E/M services traditionally have been vulnerable to fraud and abuse; two healthcare entities paid more than $10 million apiece in 2009 alone to settle allegations that they fraudulently billed Medicare for E/M services. But the Centers for Medicare & Medicaid Services (CMS) found evidence that went beyond the anecdotal, determining that certain types of E/M services were tied to more improper payments than any other type of Medicare Part B service type in 2008.
The HHS OIG described the results of the study as the first in a series of evaluations of E/M services. Subsequent evaluations will determine the appropriateness of Medicare payments for E/M services and the extent of documentation vulnerabilities in E/M services.
The study was conducted using the Part B Analytics Reporting System, through which the HHS OIG scrutinized E/M services provided to beneficiaries to determine coding trends.

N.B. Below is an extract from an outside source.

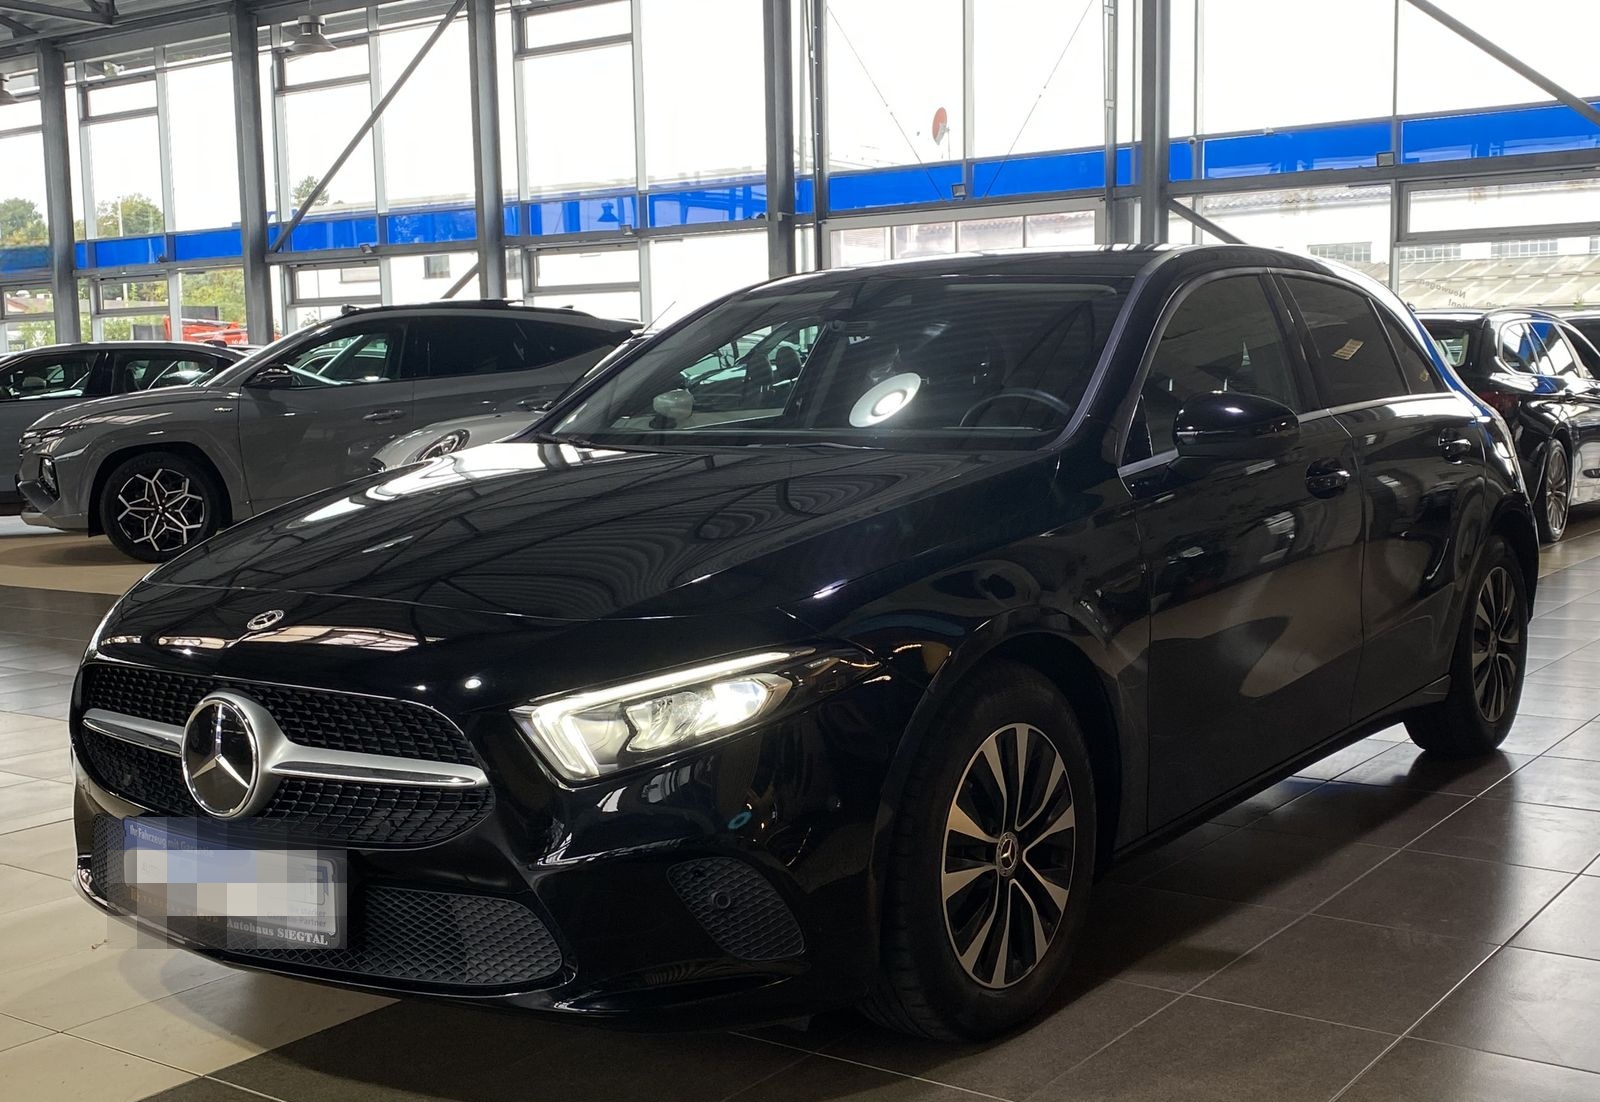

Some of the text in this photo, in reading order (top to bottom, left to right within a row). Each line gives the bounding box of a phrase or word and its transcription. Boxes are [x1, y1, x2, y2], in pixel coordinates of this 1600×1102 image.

Using Part B Medicare claims data, physicians' E/M claims were analyze to identify physicians who consistently billed higher-level (more complex and more expensive) E/M codes in 2010 (the study did not determine whether the E/M claims from these physicians were inappropriate).

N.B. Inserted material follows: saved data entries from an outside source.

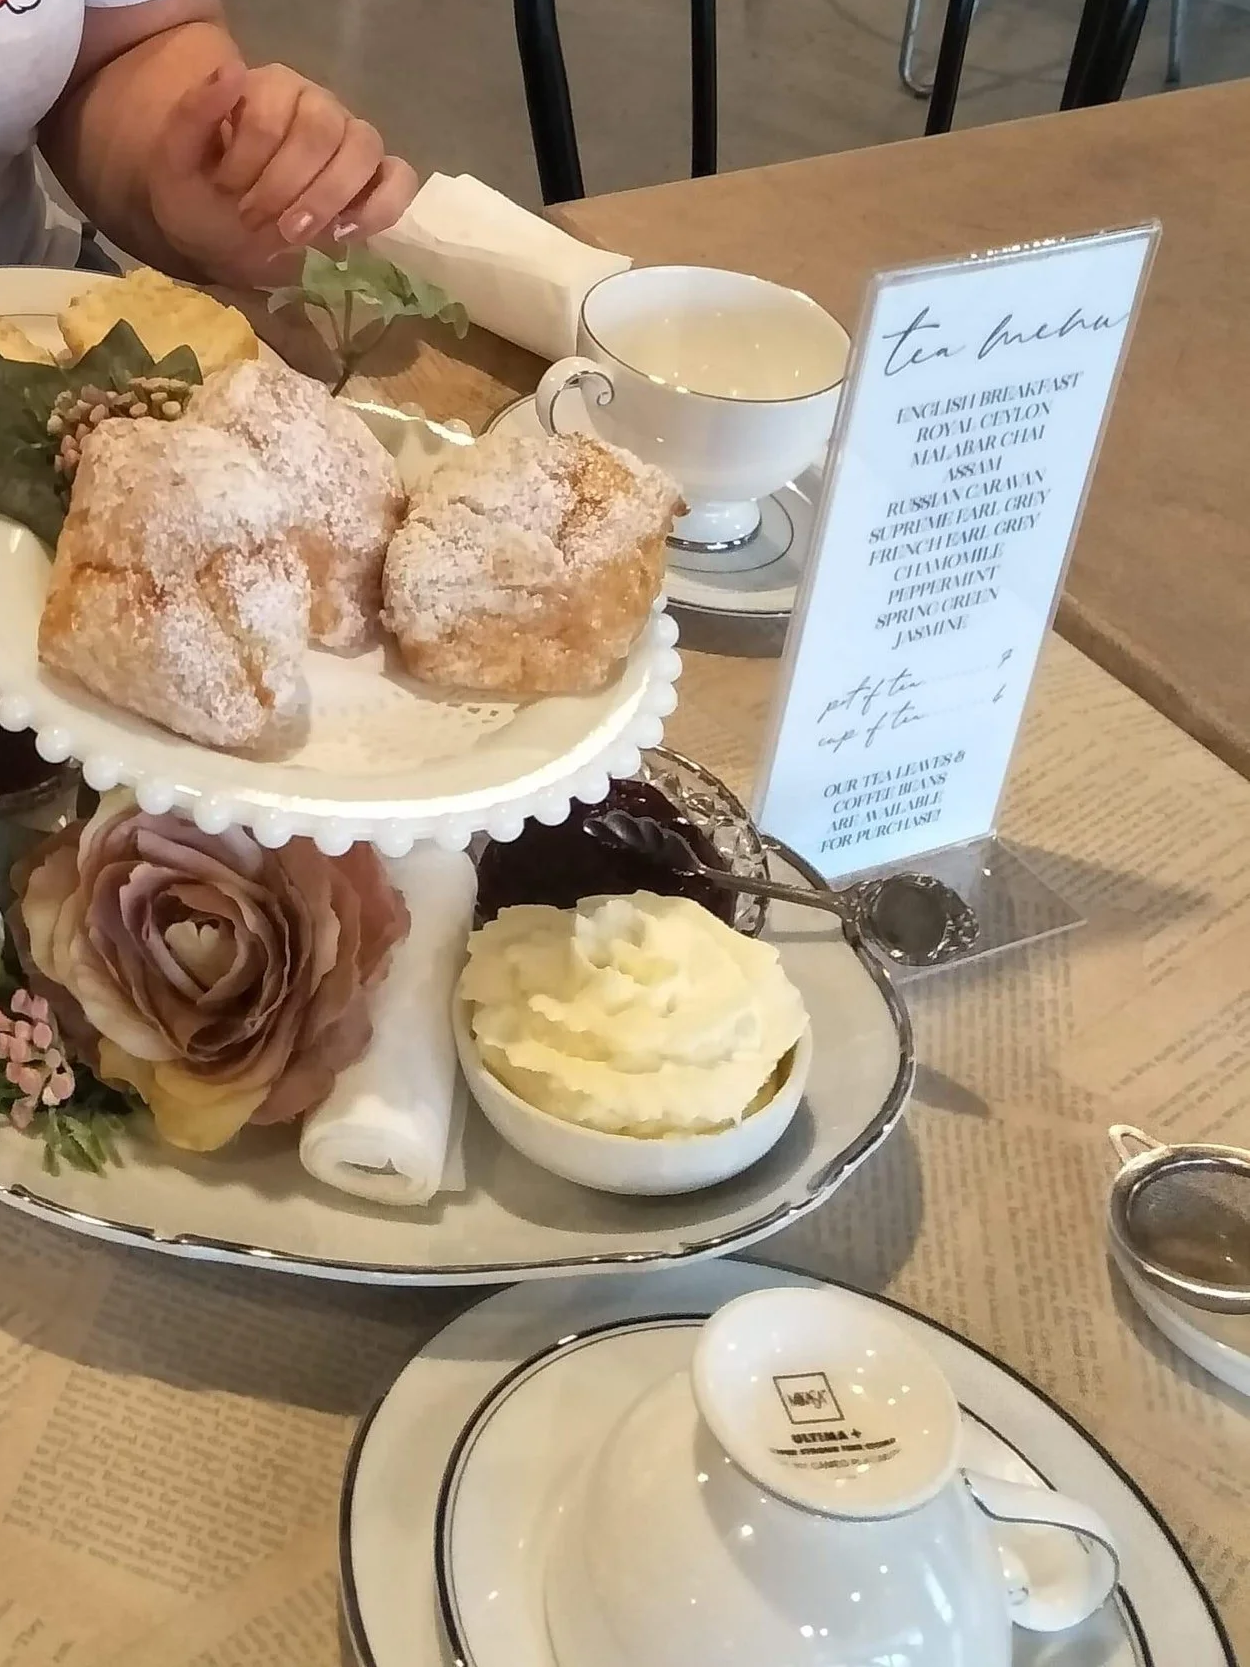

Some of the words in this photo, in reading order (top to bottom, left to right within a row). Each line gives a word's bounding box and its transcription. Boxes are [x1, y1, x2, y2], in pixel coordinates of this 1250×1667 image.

[882, 306, 966, 376] tea
[977, 308, 1129, 360] menu
[896, 391, 976, 424] ENGLISH
[979, 371, 1084, 407] BREAKFAST
[915, 416, 975, 444] ROYAL
[980, 399, 1053, 429] CEYLON
[911, 434, 998, 468] MALABAR
[1000, 424, 1045, 448] CHAI
[943, 455, 1002, 482] ASSAM
[886, 488, 961, 518] RUSSIAN
[965, 467, 1047, 500] CARAVAN
[868, 512, 954, 545] SUPREME
[955, 502, 1000, 525] EARL
[1004, 489, 1051, 512] GREY
[868, 535, 943, 566] FRENCH
[945, 525, 990, 548] EARL
[994, 512, 1041, 535] GREY
[887, 565, 1001, 605] PEPPERMINT
[893, 543, 1005, 582] CHAMOMILE
[875, 600, 939, 630] SPRING
[941, 587, 1000, 613] GREEN
[892, 614, 969, 650] JASMINE
[817, 676, 872, 723] pot
[862, 679, 885, 716] of
[888, 668, 926, 697] tea
[818, 729, 857, 753] cup
[865, 712, 888, 748] of
[891, 701, 928, 729] tea
[824, 778, 858, 798] OUR
[863, 768, 892, 788] TEA
[896, 752, 952, 780] LEAVES
[953, 750, 966, 763] &
[833, 787, 895, 814] COFFEE
[898, 772, 948, 796] BEANS
[820, 833, 854, 853] FOR
[856, 808, 942, 844] PURCHASE!
[828, 814, 859, 834] ARE
[865, 790, 944, 823] AVAILABLE

The study ultimately revealed that, from 2001 to 2010, physicians increased their billing of higher-level E/M codes for all types of E/M services. Approximately 1,700 physicians, practicing in nearly all states and representing similar areas of specialty, were identified as consistently billing higher-level E/M codes. Those physicians also treated beneficiaries of similar ages and with similar diagnoses as those treated by other physicians.
CMS concurred with the HHS OIG's recommendations to continue to educate physicians on proper billing for E/M services and to encourage its contractors to review physicians' billing for E/M services. CMS partially concurred with a third recommendation as well: to review physicians who bill higher level E/M codes for appropriate action.